• Task brief
Give all the lines below again, exactly, with no pictures.

• Study material
......
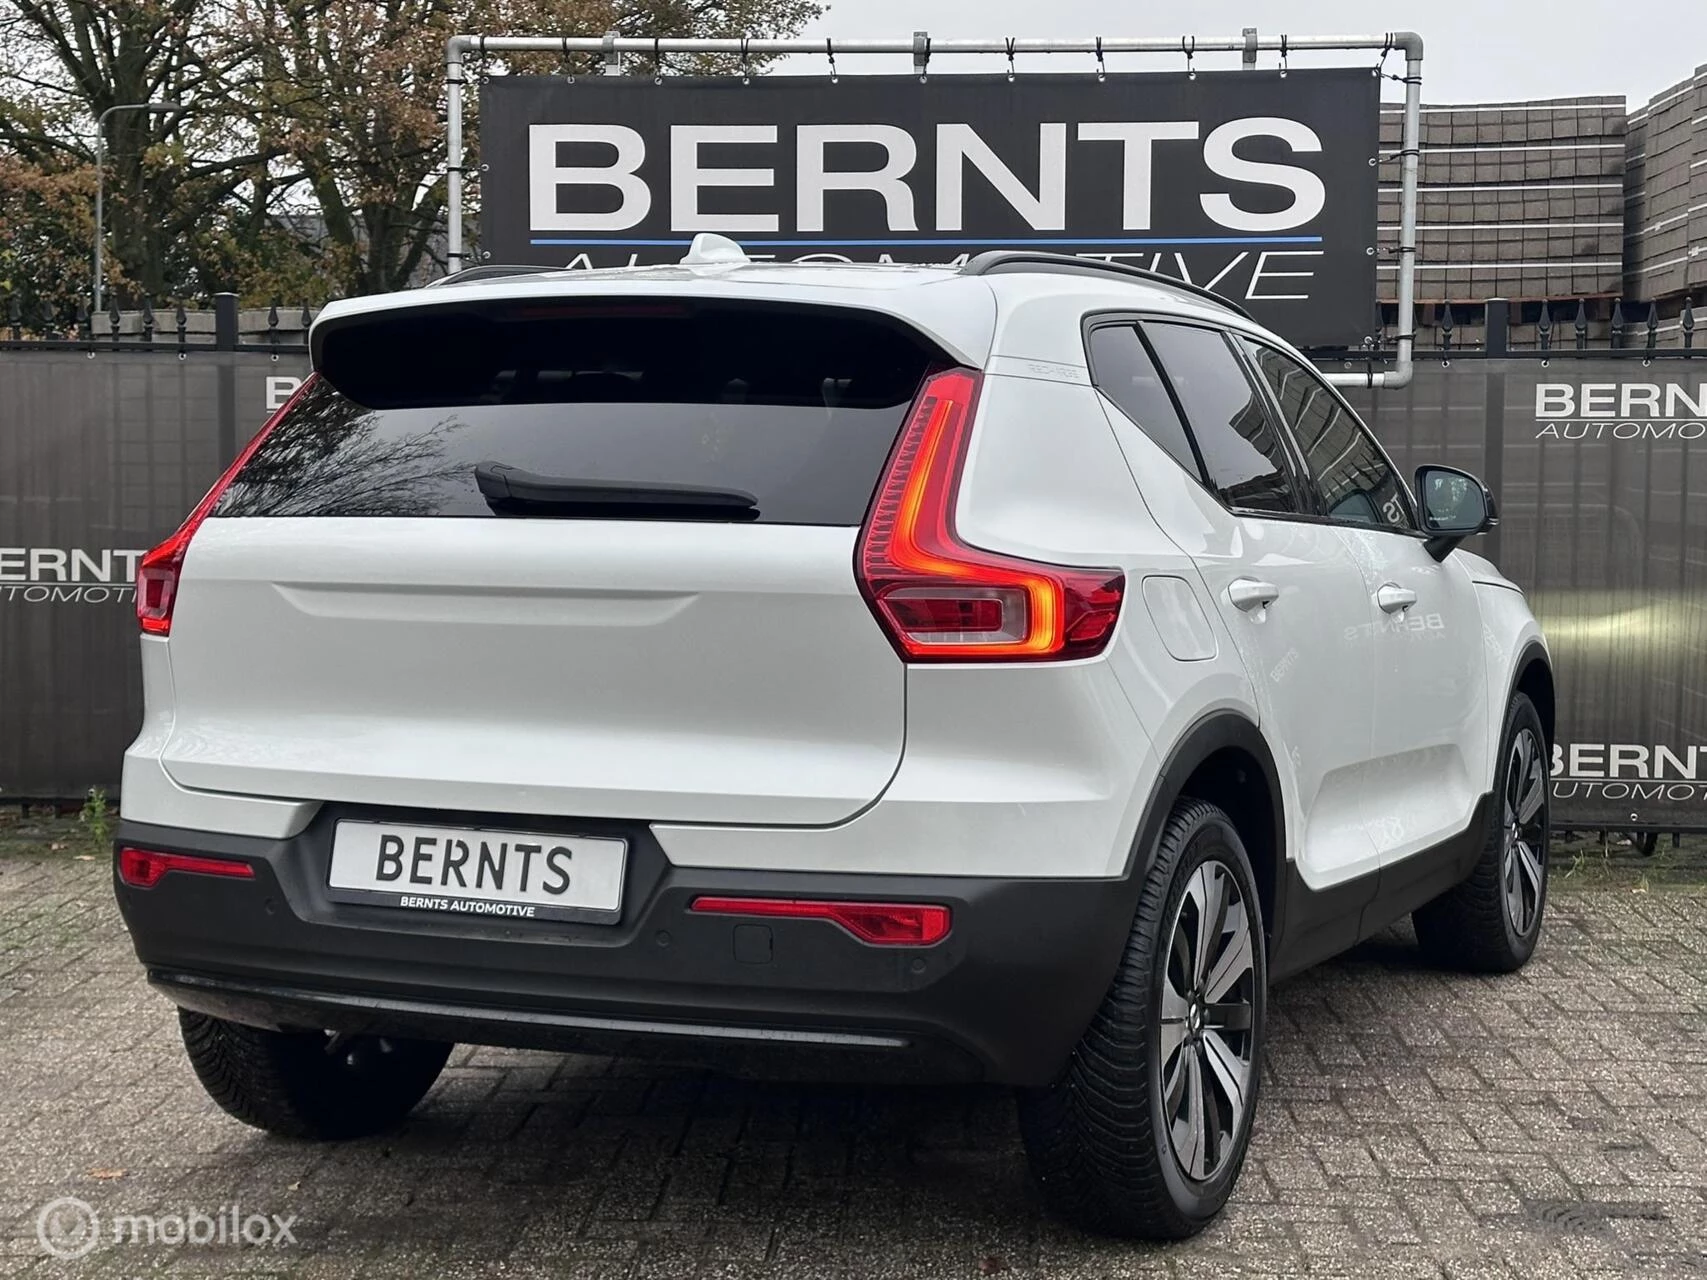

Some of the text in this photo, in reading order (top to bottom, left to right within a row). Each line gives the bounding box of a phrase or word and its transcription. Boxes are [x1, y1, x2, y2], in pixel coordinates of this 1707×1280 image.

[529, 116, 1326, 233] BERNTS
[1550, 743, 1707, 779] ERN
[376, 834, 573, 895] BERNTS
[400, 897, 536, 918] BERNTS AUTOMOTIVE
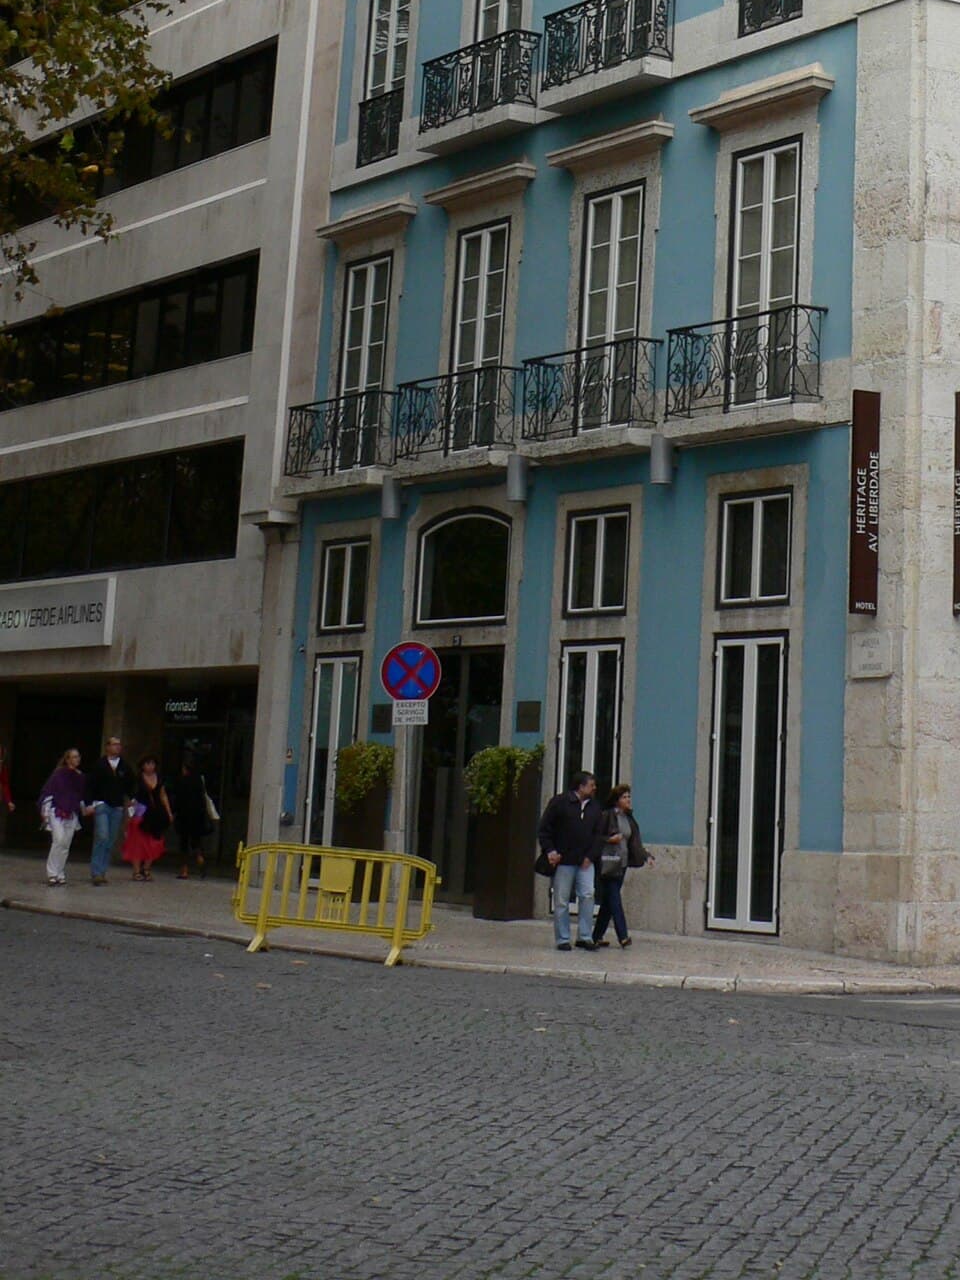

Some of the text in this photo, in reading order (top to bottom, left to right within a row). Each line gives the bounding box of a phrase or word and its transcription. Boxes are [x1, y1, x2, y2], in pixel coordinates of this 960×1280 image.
......
• Solved exercise
Some of the text in this photo, in reading order (top to bottom, left to right within a row). Each line gives the bounding box of a phrase or word and its transcription. Boxes are [x1, y1, x2, y2], in pixel coordinates of this 1707×1280 image.

[529, 116, 1326, 233] BERNTS
[1550, 743, 1707, 779] ERN
[376, 834, 573, 895] BERNTS
[400, 897, 536, 918] BERNTS AUTOMOTIVE

Some of the text in this photo, in reading order (top to bottom, left to right within a row). Each line gives the bounding box of a phrase or word and its transcription. Boxes are [x1, y1, x2, y2], in pixel coordinates of this 960×1280 image.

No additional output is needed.